Some people may need to restrict consumption of starchy tubers, at least temporarily, until better health is obtained. It will vary according to one's condition and needs.
If you have a known or suspected thyroid issue (millions of Americans may have an undiagnosed hypothyroid condition), you may want to experiment with eliminating, or greatly reducing goitergen-containing foods. These include many vegetables, and whole grains.
Some vegetables to experiment with avoiding to see if your symptoms improve include the cabbage family of vegetables such as broccoli, cauliflower, Brussels sprouts, kale, rutabagas, and all cabbages including napa cabbage and bok choy.
Focus on softer greens like lettuces, beet greens, dandelion greens, Swiss chard, escarole, spinach, parsley and other herbs, cucumbers, and other vegetables including zucchini, green beans, carrots, and parsnips.
Nuts can provide some nutrients including manganese, and vitamin E in greater quantities than animal foods. Consuming too many nuts can cause digestive issues. You may need to experiment to find your tolerance. Since nuts can be pretty warming, you may consider enjoying them in greater quantities in cooler months.
If desiring a plant-based, vegan diet, foods would be chosen from among whole cooked grains, beans, legumes, protein-rich products made grains and legumes including seitan, tofu, and tempeh, along with lots of dark leafy greens, vegetables, fruits, nuts, seeds, oils, and sea veggies for iodine, calcium, and other minerals. Ideally, fish and eggs would also be included in the diet to ensure getting important nutrients like choline, and the Omega 3 fatty acids of DHA and EPA, among others, like zinc and some B vitamins.

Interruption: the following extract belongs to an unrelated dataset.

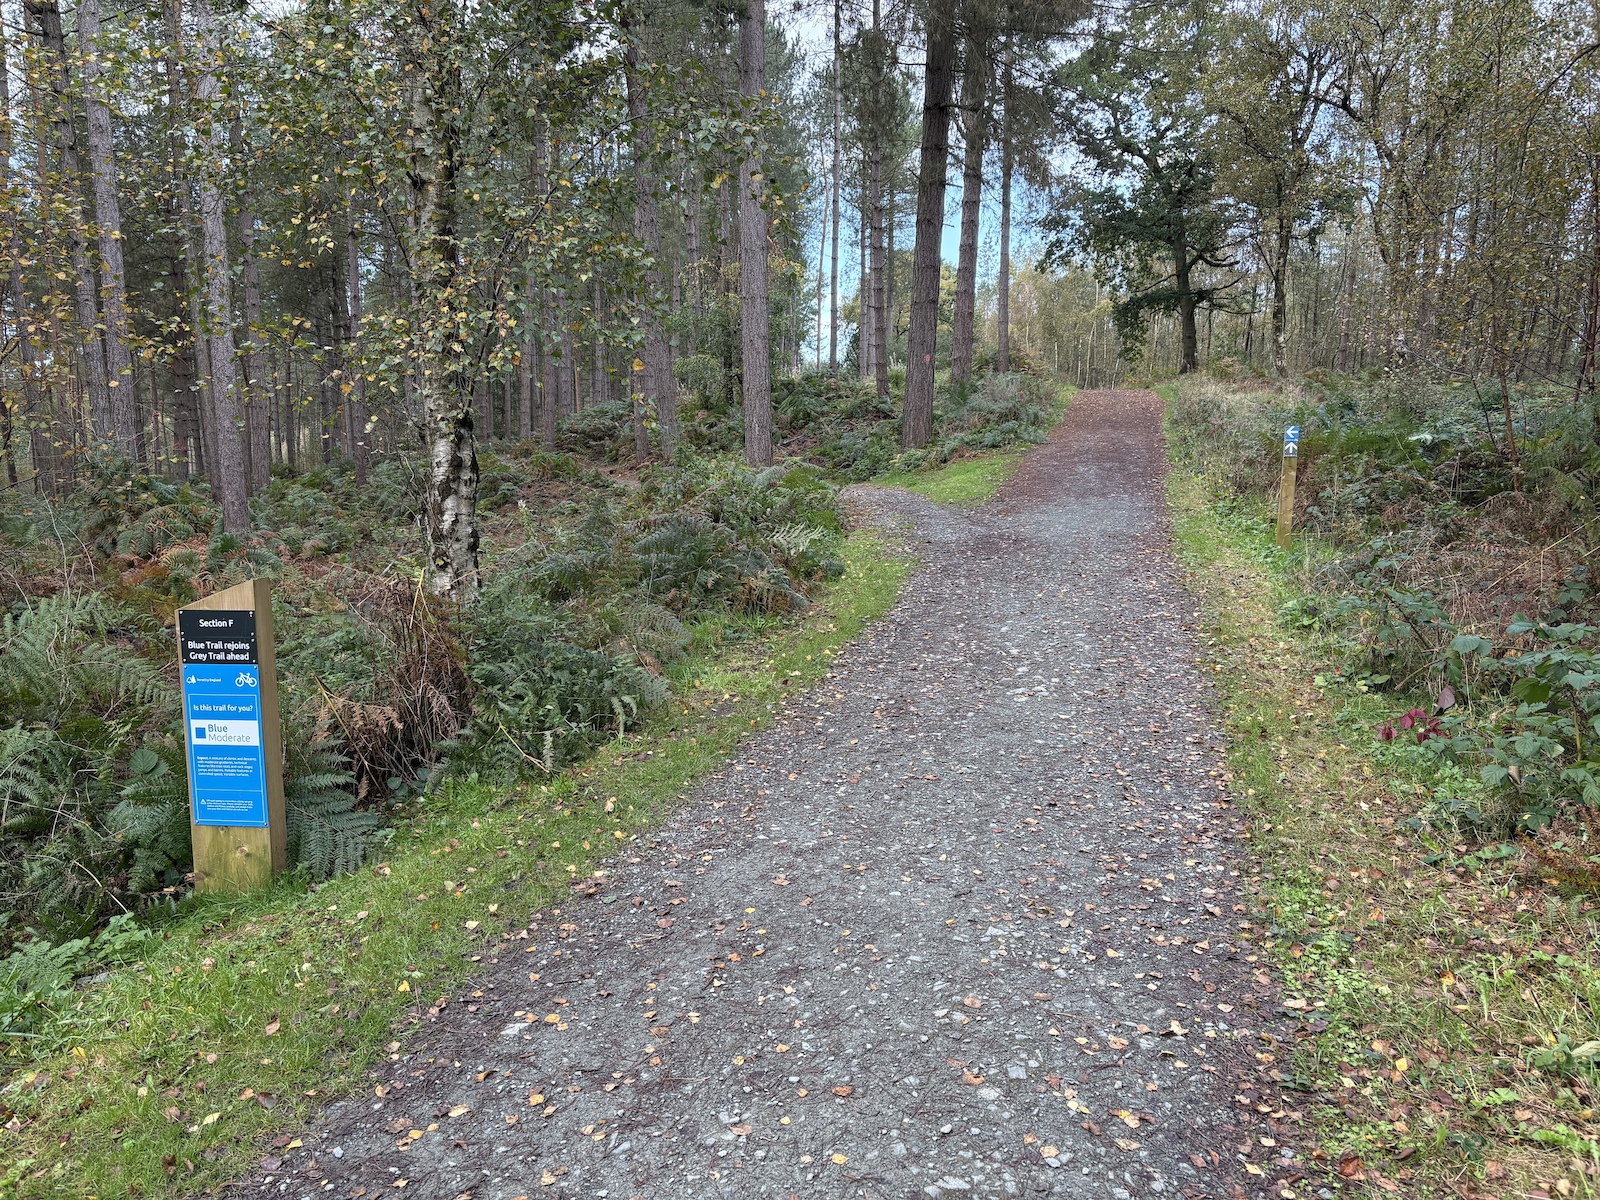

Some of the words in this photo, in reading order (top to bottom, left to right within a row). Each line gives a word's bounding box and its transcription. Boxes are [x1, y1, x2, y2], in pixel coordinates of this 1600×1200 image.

Supplementing with B-12 may not be adequate enough, so pay attention to your health. If at any time you are not feeling energized and supported by your diet, consider adding small amounts of animal foods back.
Other recommended supplements for vegans include a vegan DHA/EPA, zinc, and possibly Vitamin A, especially if there are skin issues, or poor vision. Best sources are Cod Liver Oil, and liver powder or tablets, both shown here.
The key to the TYTN Diet Plan is to eat consciously and judiciously. While animal foods are included in the diet, it needs to be in appropriate amounts for each individual.
For example, as a petite female in my 50's, I consume 100-125g, and sometimes more of animal flesh food at three separate meals per day. Don has about 150-175g at two separate meals, and two additional high-protein and fat drinks made from raw eggs and cream. My goal is to lose fat, and lose a few pounds. Don's goal is to increase protein and weight, but not fat.
100g of protein is about 3.5 ounces. 1 egg = ~ 7g of protein.
The diet can be as produce-rich as you tolerate. Some people love to eat lots of greens and vegetables, others do not. Eat enough for you. Trust your true nature!
Above are two meals we consumed before reducing our total carbohydrate consumption even further. Each plate is at least 2/3 produce. These days, we may enjoy a very simple meal adding in just the quantity and types of seasonal plant foods that are appealing. It changes from day to day. There need not be any hard and fast rules, other than going by how you feel!
Enjoy fruit before, as an appetizer, or after as a dessert. Fruit and meats are a nice pair, and are consumed in tandem in many cultural cuisines. Sauces and chutneys are made from fruit, and often served with the meal, or as part of the marinade.
The best foundational and complementary foods for each individual on the TYTN Diet Plan will always depend on their condition, constitution, region, energetic expenditure, and health goals.
The principles of balance from Chinese medicine and macrobiotics are applied when assisting others to craft the best personal diet, while also inspiring a Trust Your True Nature mindset.